THE BORROWER AND THE LENDERS HEREBY IRREVOCABLY WAIVE, TO THE FULLEST EXTENT PERMITTED BY APPLICABLE LAW, TRIAL BY JURY IN ANY JUDICIAL PROCEEDING INVOLVING, DIRECTLY OR INDIRECTLY, ANY MATTER (WHETHER SOUNDING IN TORT, CONTRACT OR OTHERWISE) IN ANY WAY ARISING OUT OF, RELATED TO, OR CONNECTED WITH THIS AGREEMENT AND THE NOTES OR THE RELATIONSHIPS ESTABLISHED HEREUNDER.
Section 9.13 Integration; Effectiveness; Electronic Execution.

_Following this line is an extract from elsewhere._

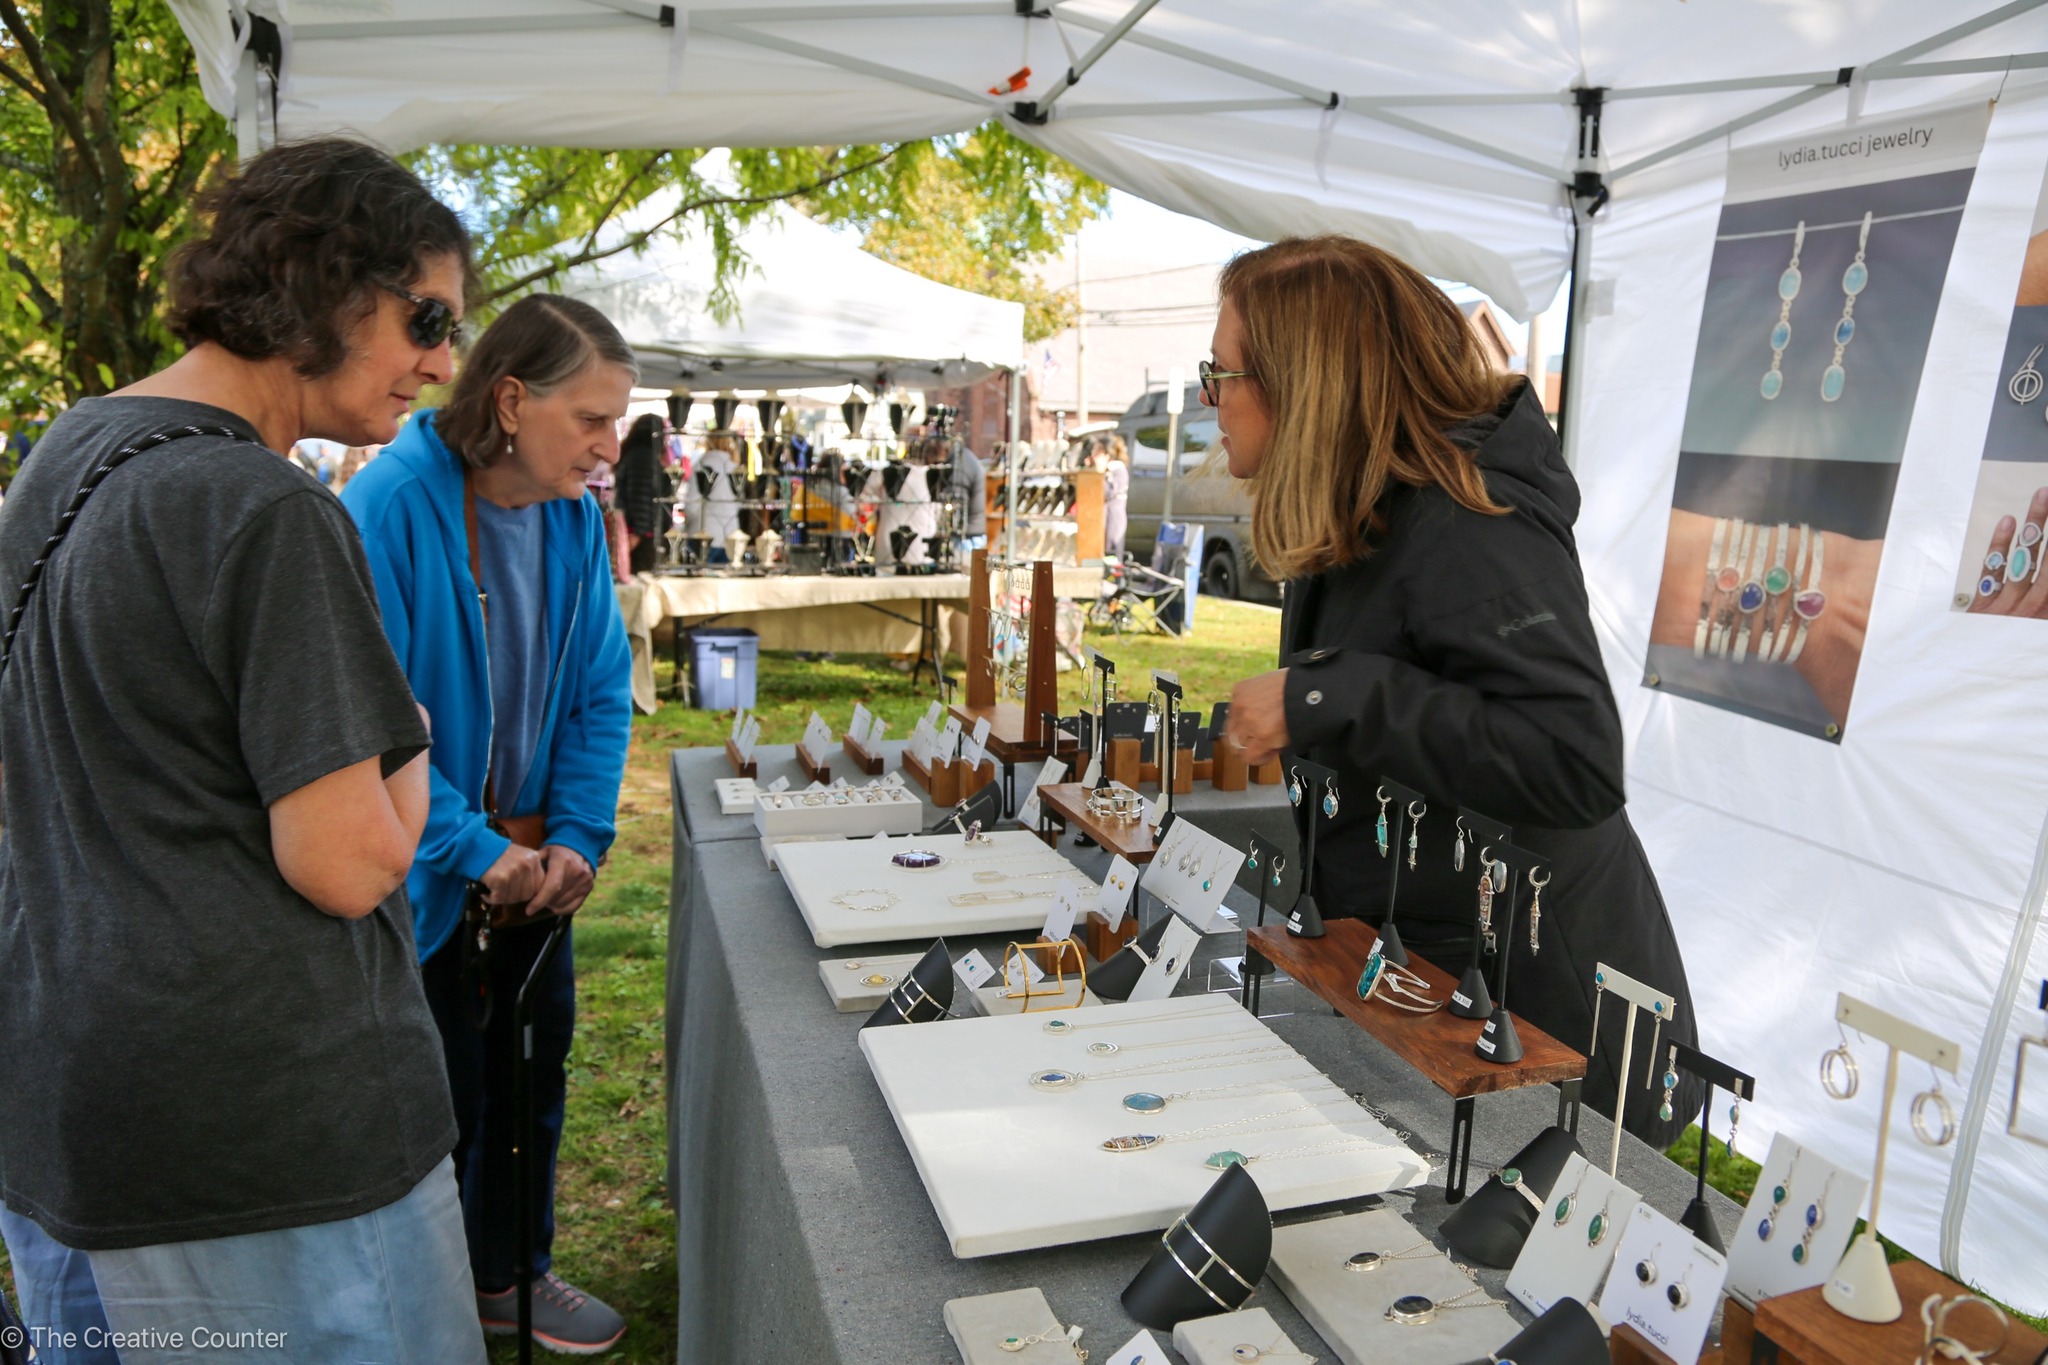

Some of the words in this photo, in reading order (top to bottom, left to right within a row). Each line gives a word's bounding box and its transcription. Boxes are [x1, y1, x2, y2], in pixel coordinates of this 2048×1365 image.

[1778, 136, 1863, 171] lydia.tucci
[1865, 127, 1934, 157] jewelry
[1626, 1306, 1669, 1346] lydia.tucci

(a) Integration; Effectiveness. This Agreement, the other Loan Documents (including the Fee Letter) and any other fee letter entered into in connection with this Agreement and the other Loan Documents constitute the entire contract among the parties relating to the subject matter hereof and supersede any and all previous agreements and understandings, oral or written, relating to the subject matter hereof. In the event of any conflict between the provisions of this Agreement and those of any other Loan Document, the provisions of this Agreement shall control; provided that the inclusion of supplemental rights or remedies in favor of the Administrative Agent or the Lenders in any other Loan Document shall not be deemed a conflict with this Agreement. Each Loan Document was drafted with the joint participation of the respective parties thereto and shall be construed neither against nor in favor of any party, but rather in accordance with the fair meaning thereof. Except as provided in Section 3.1, this Agreement shall become effective when it shall have been executed by the Administrative Agent and when the Administrative Agent shall have received counterparts hereof that, when taken together, bear the signatures of each of the other parties hereto.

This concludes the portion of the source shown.